Equilibrium where high and medium types go to college, low does not. • If high and medium types go to college, what is the expected profit from hiring a college grad as a manager? • Find probability p that someone is of high type given college: • P(H|C)=P(H and C)/P( C)=(1/6) / (1/6+1/2)=1/4 • Expected profit is 1/4x14+3/4x6=8. • If you hire a college grad as clerk, expected profit is 7. So better off to hire her as manager.
Equilibrium for workers. • High types get paid 15 as manager have college costs of 2. So net wage is 13. That’s better than the 10 that nondegree people get as clerks. • Medium type get paid 15 as manager have college costs 4, net wage of 11, so they prefer college and managing to no college and clerk. • Low types would get 15 as manager with college costs of 6. Net pay of 15-6=9 is less than they would get with no college and being a clerk.
Another fable • Imagine that the labor force consists of two types of workers: Able and Middling with equal proportions of each. • Employers are not able to tell which type they are when they hire them. • A worker is worth $1500 a month to his boss if he is Able and $1000 a month if he is Middling. • Average worker is worth • $ ½ 1500 + ½ 1000=$1250 per month.
Competitive labor market • The labor market is competitive and since employers can’t tell the Able from the Middling, all laborers are paid a wage of $1250 per month.

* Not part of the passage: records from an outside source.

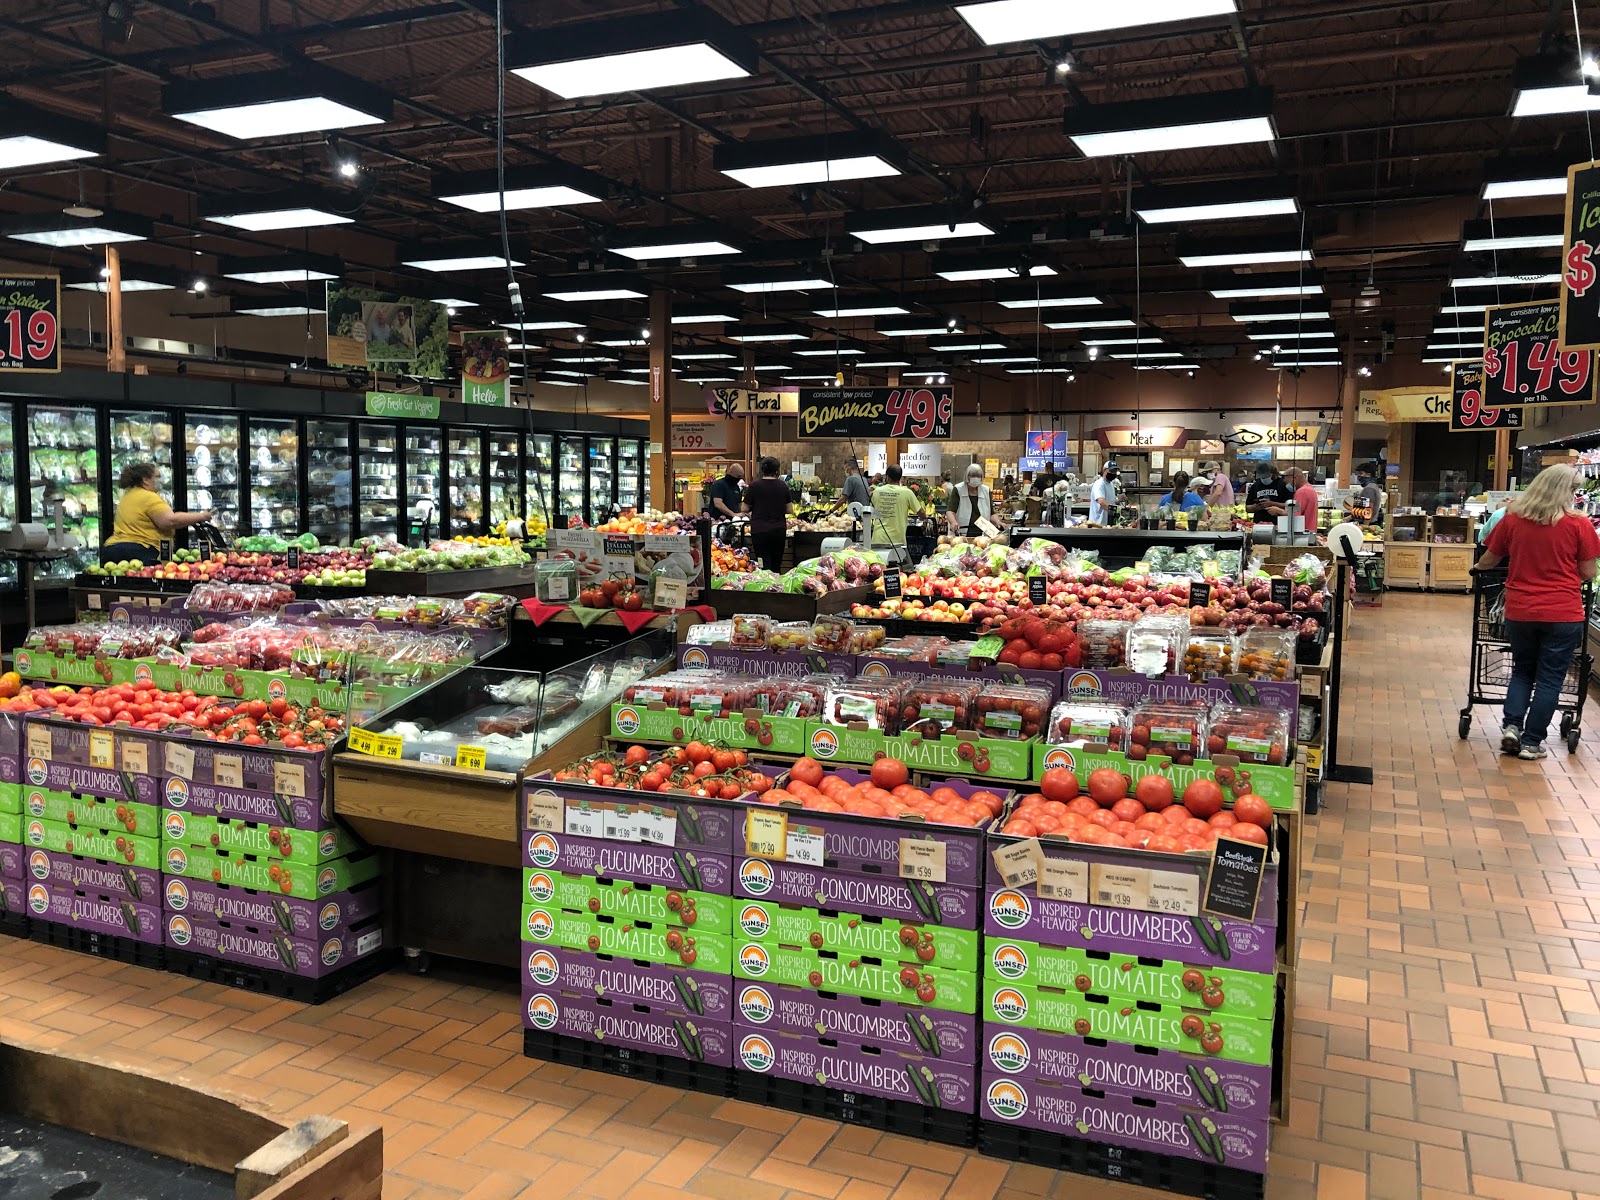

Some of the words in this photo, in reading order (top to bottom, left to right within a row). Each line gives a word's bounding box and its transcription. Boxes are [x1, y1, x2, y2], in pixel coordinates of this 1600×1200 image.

[8, 291, 51, 310] Salad
[1510, 307, 1540, 316] consistent
[1541, 306, 1552, 314] low
[1488, 317, 1544, 348] Broccoli
[1484, 339, 1591, 394] $1.49
[472, 385, 498, 404] Hello
[748, 393, 780, 411] Floral
[854, 390, 874, 399] prices!
[388, 398, 402, 411] Fresh
[404, 400, 413, 410] Cut
[414, 400, 434, 416] Veggies
[801, 402, 884, 434] Bananas
[936, 426, 946, 435] lb.
[1130, 432, 1154, 446] Meat
[1266, 428, 1308, 443] Seafood
[56, 660, 96, 678] TOMATES
[714, 656, 740, 666] INSPIRED
[744, 660, 810, 676] CONCOMBRES
[180, 673, 226, 692] TOMATOES
[1069, 688, 1100, 696] SUNSET
[1108, 680, 1142, 695] INSPIRED
[1148, 683, 1232, 704] CUCUMBERS
[644, 716, 674, 726] INSPIRED
[680, 716, 746, 742] TOMATOES
[812, 742, 838, 750] SUNSET
[844, 735, 876, 749] INSPIRED
[883, 740, 959, 768] TOMATES
[73, 768, 121, 792] CUCUMBERS
[72, 803, 118, 826] TOMATOES
[218, 792, 278, 816] CONCOMBRES
[71, 833, 117, 857] TOMATOES
[218, 824, 271, 850] TOMATES
[761, 842, 774, 856] $2.99
[600, 848, 676, 880] CUCUMBERS
[1217, 856, 1258, 874] Tomatoes
[1225, 850, 1254, 863] Beefsteak
[74, 866, 126, 890] CONCOMBRES
[218, 860, 270, 886] TOMATES
[917, 866, 932, 878] $5.99
[1020, 868, 1038, 880] $5.99
[740, 876, 774, 886] SUNSET
[780, 870, 816, 886] INSPIRED
[820, 878, 912, 910] CONCOMBRES
[1056, 887, 1072, 898] $5.49
[1114, 894, 1130, 905] $3.99
[74, 900, 124, 926] CUCUMBERS
[218, 898, 276, 924] CONCOMBRES
[598, 888, 666, 918] TOMATES
[1162, 900, 1180, 912] $2.49
[992, 908, 1031, 920] SUNSET
[1039, 902, 1082, 920] INSPIRED
[1088, 908, 1192, 944] CUCUMBERS
[220, 934, 279, 960] CONCOMBRES
[598, 926, 666, 957] TOMATES
[818, 920, 900, 954] TOMATOES
[600, 970, 676, 1002] CUCUMBERS
[818, 960, 902, 995] TOMATES
[994, 961, 1028, 972] SUNSET
[1036, 956, 1078, 972] INSPIRED
[1088, 964, 1182, 1000] TOMATES
[600, 1015, 678, 1048] CONCOMBRES
[741, 1002, 773, 1014] SUNSET
[780, 1000, 815, 1016] INSPIRED
[820, 1008, 911, 1043] CONCOMBRES
[782, 1014, 812, 1028] FLAVOR
[994, 1004, 1027, 1016] SUNSET
[1036, 1000, 1078, 1016] INSPIRED
[1088, 1008, 1181, 1045] TOMATES
[1038, 1014, 1074, 1030] FLAVOR
[741, 1052, 774, 1064] SUNSET
[780, 1048, 816, 1065] INSPIRED
[822, 1056, 910, 1094] CUCUMBERS
[784, 1062, 814, 1078] FLAVOR
[990, 1052, 1028, 1064] SUNSET
[1037, 1048, 1079, 1066] INSPIRED
[1085, 1058, 1192, 1097] CONCOMBRES
[1040, 1062, 1076, 1078] FLAVOR
[988, 1098, 1027, 1111] SUNSET
[1035, 1095, 1076, 1114] INSPIRED
[1082, 1106, 1190, 1146] CONCOMBRES
[1038, 1110, 1074, 1126] FLAVOR

One employer believes that Drywall’s lectures are useful and requires its workers attend 10 monthly lectures by Professor Drywall and payswages of $100 per month above the average wage. • Middling workers find Drywall’s lectures excruciatingly dull. Each lecture is as bad as losing $20. • Able workers find them only a little dull. To them, each lecture is as bad as losing $5. • Which laborers stay with the firm? • What happens to the average productivity of laborers?

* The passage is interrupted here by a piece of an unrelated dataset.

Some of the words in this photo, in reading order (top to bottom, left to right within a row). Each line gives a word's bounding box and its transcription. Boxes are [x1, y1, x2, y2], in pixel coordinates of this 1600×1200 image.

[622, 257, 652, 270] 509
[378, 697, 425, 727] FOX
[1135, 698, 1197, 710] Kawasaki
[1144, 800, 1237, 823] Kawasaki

Other firms see what happened • Professor Drywall shows the results of his lectures for productivity at the first firm. • Firms decide to pay wages of about $1500 for people who have taken Drywall’s course. • Now who will take Drywall’s course? • What will be the average productivity of workers who take his course? Do we have an equilibrium now?
Professor Drywall responds • Professor Drywall is not discouraged. • He claims that the problem is that people have not heard enough lectures to learn his material. • Firms believe him and Drywall now makes his course last for 30 hours a month. • Firms pay almost $1500 wages for those who take his course and $1000 for those who do not.
Separating Equilibrium • Able workers will prefer attending lectures and getting a wage of $1500, since to them the cost of attending the lectures is $5x30=$150 per month. • Middling workers will prefer not attending lectures since they can get $1000 if they don’t attend. Their cost of attending the lectures would be $20x30=$600, leaving them with a net of $900.